What must be handed in is the entire listing, exactly as written, with no pictures.

◆ SOURCE MATERIAL
= = = =

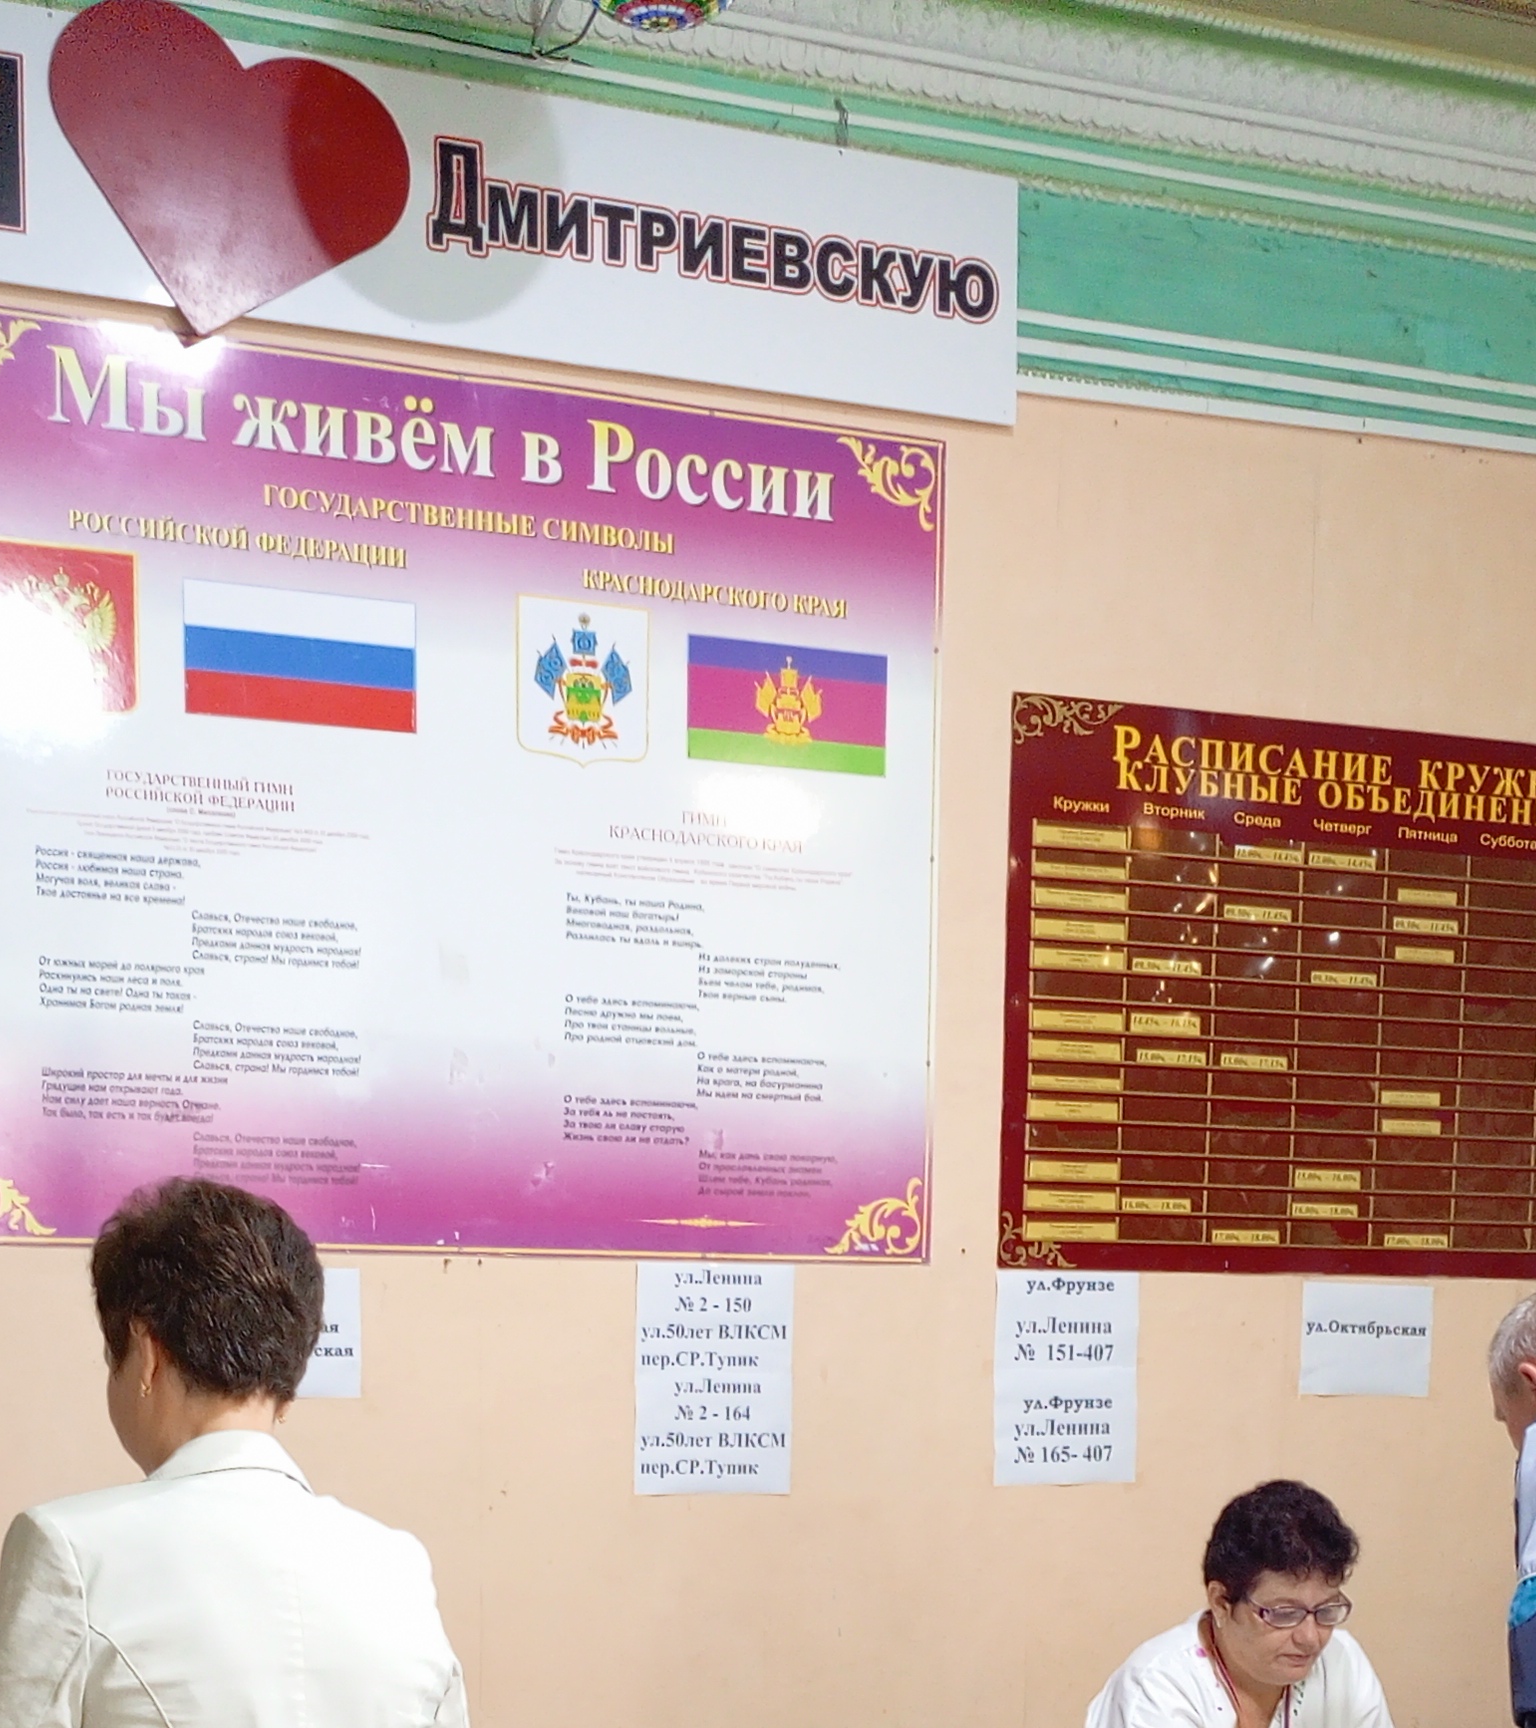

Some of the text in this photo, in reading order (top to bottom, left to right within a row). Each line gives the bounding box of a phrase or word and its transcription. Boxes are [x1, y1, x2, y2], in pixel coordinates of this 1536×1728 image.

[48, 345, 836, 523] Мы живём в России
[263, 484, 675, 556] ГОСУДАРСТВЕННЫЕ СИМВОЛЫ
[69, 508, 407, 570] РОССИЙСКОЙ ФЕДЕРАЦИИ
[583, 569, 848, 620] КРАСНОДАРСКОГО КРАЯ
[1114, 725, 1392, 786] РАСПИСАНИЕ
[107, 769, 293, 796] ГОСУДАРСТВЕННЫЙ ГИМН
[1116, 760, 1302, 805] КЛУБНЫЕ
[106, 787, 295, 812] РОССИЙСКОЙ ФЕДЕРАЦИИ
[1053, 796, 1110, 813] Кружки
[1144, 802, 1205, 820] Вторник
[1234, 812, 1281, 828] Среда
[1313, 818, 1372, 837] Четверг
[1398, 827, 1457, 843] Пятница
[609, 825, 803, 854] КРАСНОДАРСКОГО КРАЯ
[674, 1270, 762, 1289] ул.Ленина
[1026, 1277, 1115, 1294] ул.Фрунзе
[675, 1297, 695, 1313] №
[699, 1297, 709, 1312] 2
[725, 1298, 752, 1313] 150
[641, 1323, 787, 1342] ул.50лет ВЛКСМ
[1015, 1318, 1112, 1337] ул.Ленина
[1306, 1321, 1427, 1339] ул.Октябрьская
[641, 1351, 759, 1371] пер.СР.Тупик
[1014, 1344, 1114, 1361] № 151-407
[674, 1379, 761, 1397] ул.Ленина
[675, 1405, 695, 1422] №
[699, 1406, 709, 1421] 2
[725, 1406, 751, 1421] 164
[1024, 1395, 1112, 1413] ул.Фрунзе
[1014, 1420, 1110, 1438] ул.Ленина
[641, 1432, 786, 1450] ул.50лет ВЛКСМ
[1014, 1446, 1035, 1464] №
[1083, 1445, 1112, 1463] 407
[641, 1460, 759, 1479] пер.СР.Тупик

= = = =

◆ WRITTEN SOLUTION
Some of the text in this photo, in reading order (top to bottom, left to right within a row). Each line gives the bounding box of a phrase or word and its transcription. Boxes are [x1, y1, x2, y2], in pixel coordinates of this 1536×1728 image.

[48, 345, 836, 523] Мы живём в России
[263, 484, 675, 556] ГОСУДАРСТВЕННЫЕ СИМВОЛЫ
[69, 508, 407, 570] РОССИЙСКОЙ ФЕДЕРАЦИИ
[583, 569, 848, 620] КРАСНОДАРСКОГО КРАЯ
[1114, 725, 1392, 786] РАСПИСАНИЕ
[107, 769, 293, 796] ГОСУДАРСТВЕННЫЙ ГИМН
[1116, 760, 1302, 805] КЛУБНЫЕ
[106, 787, 295, 812] РОССИЙСКОЙ ФЕДЕРАЦИИ
[1053, 796, 1110, 813] Кружки
[1144, 802, 1205, 820] Вторник
[1234, 812, 1281, 828] Среда
[1313, 818, 1372, 837] Четверг
[1398, 827, 1457, 843] Пятница
[609, 825, 803, 854] КРАСНОДАРСКОГО КРАЯ
[674, 1270, 762, 1289] ул.Ленина
[1026, 1277, 1115, 1294] ул.Фрунзе
[675, 1297, 695, 1313] №
[699, 1297, 709, 1312] 2
[725, 1298, 752, 1313] 150
[641, 1323, 787, 1342] ул.50лет ВЛКСМ
[1015, 1318, 1112, 1337] ул.Ленина
[1306, 1321, 1427, 1339] ул.Октябрьская
[641, 1351, 759, 1371] пер.СР.Тупик
[1014, 1344, 1114, 1361] № 151-407
[674, 1379, 761, 1397] ул.Ленина
[675, 1405, 695, 1422] №
[699, 1406, 709, 1421] 2
[725, 1406, 751, 1421] 164
[1024, 1395, 1112, 1413] ул.Фрунзе
[1014, 1420, 1110, 1438] ул.Ленина
[641, 1432, 786, 1450] ул.50лет ВЛКСМ
[1014, 1446, 1035, 1464] №
[1083, 1445, 1112, 1463] 407
[641, 1460, 759, 1479] пер.СР.Тупик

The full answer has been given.